Many women echo versions of this sentiment to me, explaining how they’re consistently talked over, cold-shouldered and belittled by the same men they watch treat beautiful women with respect and courtesy. Whether it’s at the bar or the office, they receive either overt hostility and insults or a freezing out they describe in the following terms:
- “I’m not on their radar.”
- “I’m invisible to them.”
- “They will be warm with others but cold with me.”
- “They kind of treated me like they would a boy.”
Is this a gendered thing, though? Aren’t unattractive people of all genders treated rudely and dismissively, and not just by men?
Well, sort of. I notice in particular that fat people of all genders report being treated in this manner. “As a fat man, it feels like most people think of me as inherently unfuckable most the time,” explains Matt, a 29-year-old office worker in New Zealand. I’m also told by several people that the male queer scene is rife with body shaming, especially on Grindr, where the “NO FATS NO FEMMES NO ASIANS” disclaimer has become notorious. “An important bit of context for gay men is just how prevalent sex is as part of the culture,” explains Dani, a 26-year-old teacher also in New Zealand, who says that dynamic makes it “more socially acceptable to see and value others in the community in terms of their fuckability — it’s practically a currency, and that’s devastating.”
But the fact that some men face this treatment doesn’t mean the phenomenon isn’t gendered. After all, it’s NO FATS NO FEMMES NO ASIANS, and it’s clear that, while people of all genders view fatness as synonymous with unfuckability, fat women are punished more than fat men. “When I lost a significant amount of weight, women treated me the same, apart from being more likely to reciprocate romantic interest,” says Justin, a 43-year-old senior software developer in Portland. “But other men felt free to talk shit about fat people, and particularly fat women.”
The gendered nature of fat shaming is well documented. Fat women earn less than thin women and fat men, and a study of high schoolers found that fat girls experience more weight stigma than fat boys, that girls’ body fat was more closely monitored and criticized than boys’ and that girls perceived as fat — even if they have BMIs in the normal range — have a more difficult time socially. The study’s author sums this up brutally: “There is no social space within which it is considered normal or attractive for girls to be large.” And while fat boys certainly suffer, it isn’t to the same extent. “Fat guys can still get girls,” one female interviewee notes, pointing to a fat boy on campus who “always has girls hanging off of him” and noting that “all of these fat rap guys [in the media] have beautiful, thin women all around them.”

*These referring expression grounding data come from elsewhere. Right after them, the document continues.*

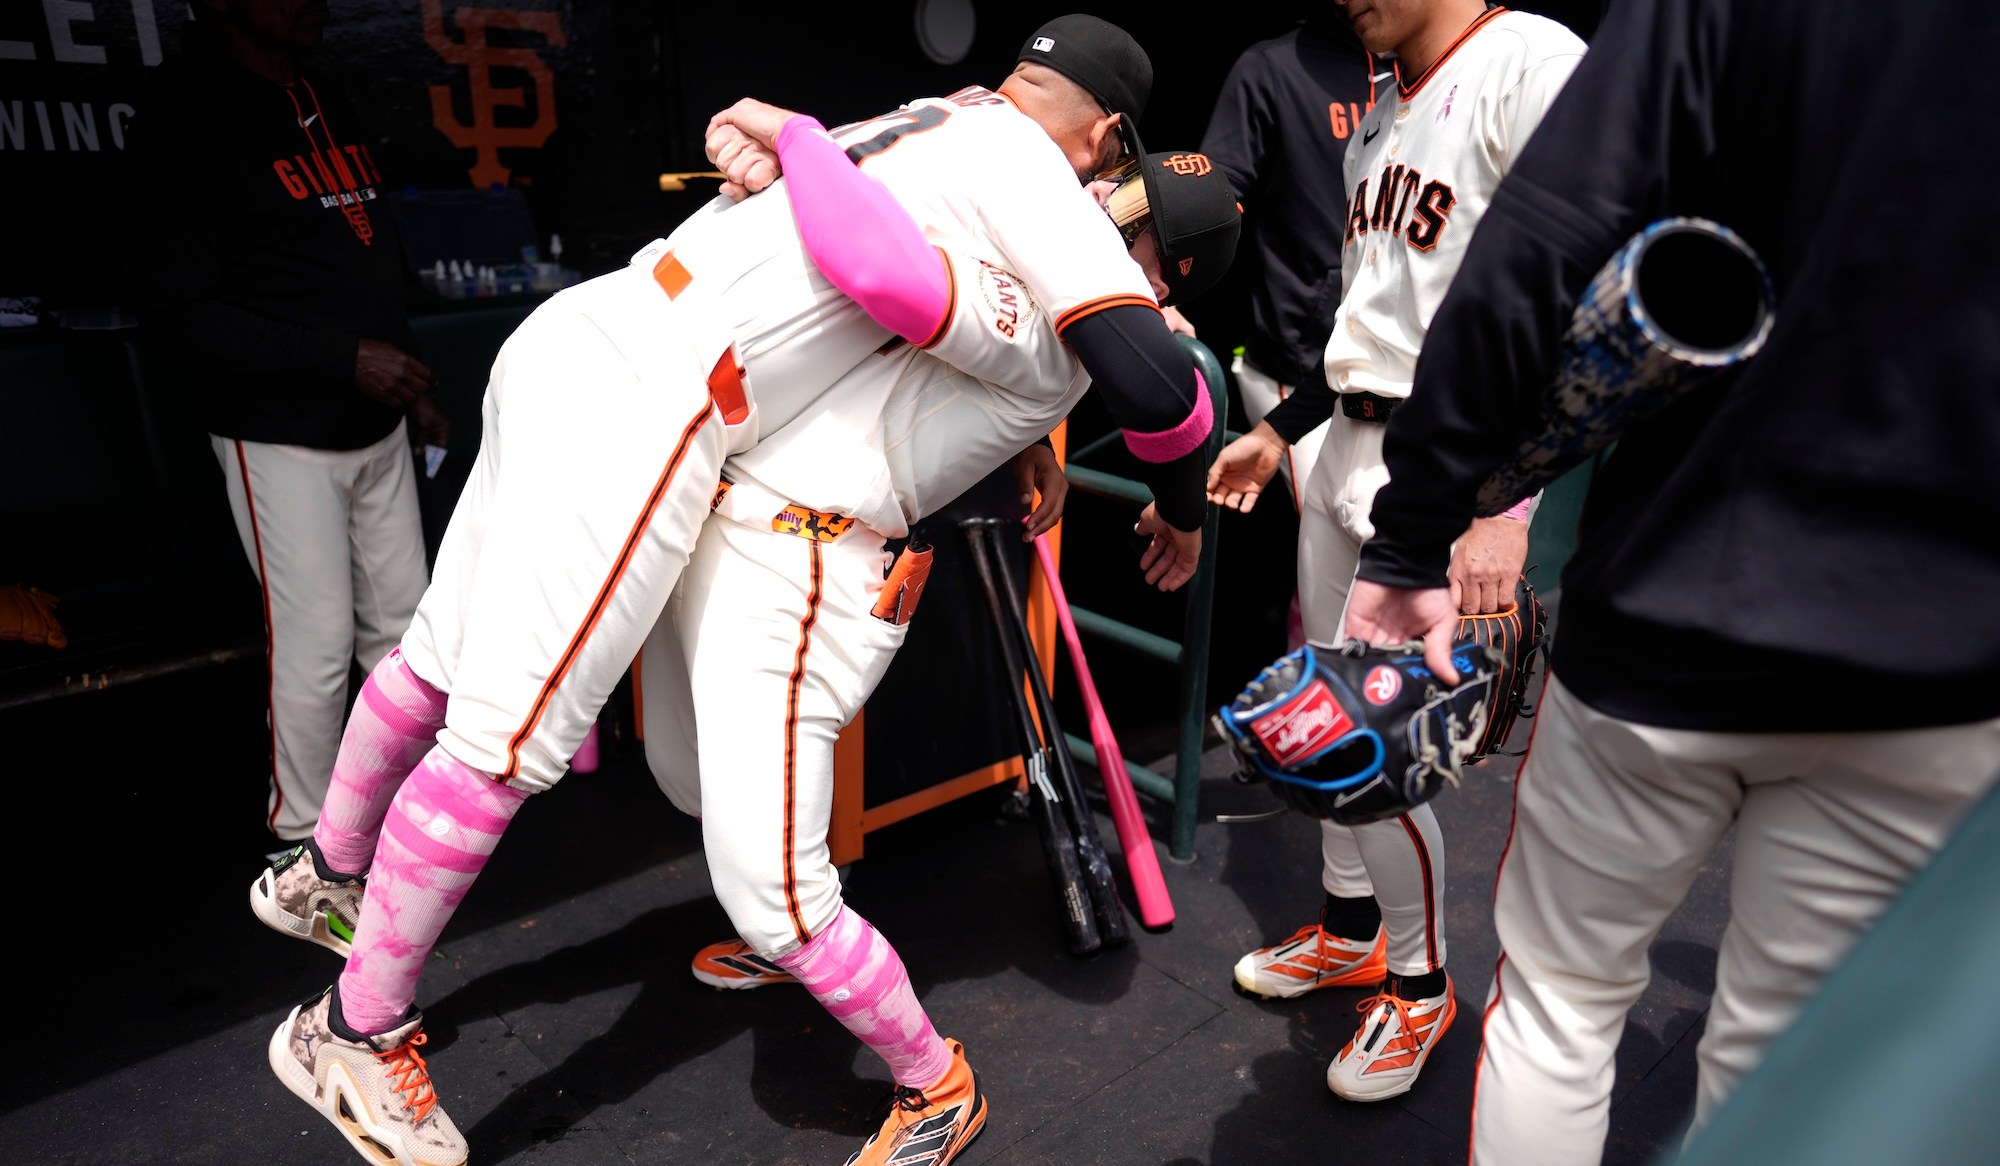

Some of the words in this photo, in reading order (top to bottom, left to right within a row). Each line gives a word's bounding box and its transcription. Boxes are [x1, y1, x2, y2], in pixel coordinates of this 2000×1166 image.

[1329, 102, 1375, 139] GI
[320, 188, 364, 208] BASBAL
[1345, 164, 1456, 252] ANTS
[980, 260, 1017, 338] IANTS
[1362, 399, 1375, 418] 51

Also, in direct conflict with the high school “mean girls” myth, the author found that boys were, well, the mean ones. “Not only were girls teased more frequently and directly by their male peers than their female peers,” the author reports, “but girls also told me during interviews that it was sometimes their own boyfriends who teased them about their bodies.” One boyfriend, for example, reportedly asks his girlfriend, “Why can’t you look like your sister?”
In a heteronormative social context, women and girls are punished for being fat — perhaps the most unforgivable beauty sin of all — in a way that men and boys aren’t, and it’s most often guys who dish out the scorn. One teen boy described as “overweight himself” sums it up succinctly by saying he’d “rather be a fat guy than a fat girl.”
Given the disproportionate and lifelong toll of being an insufficiently fuckable woman, who’d blame him?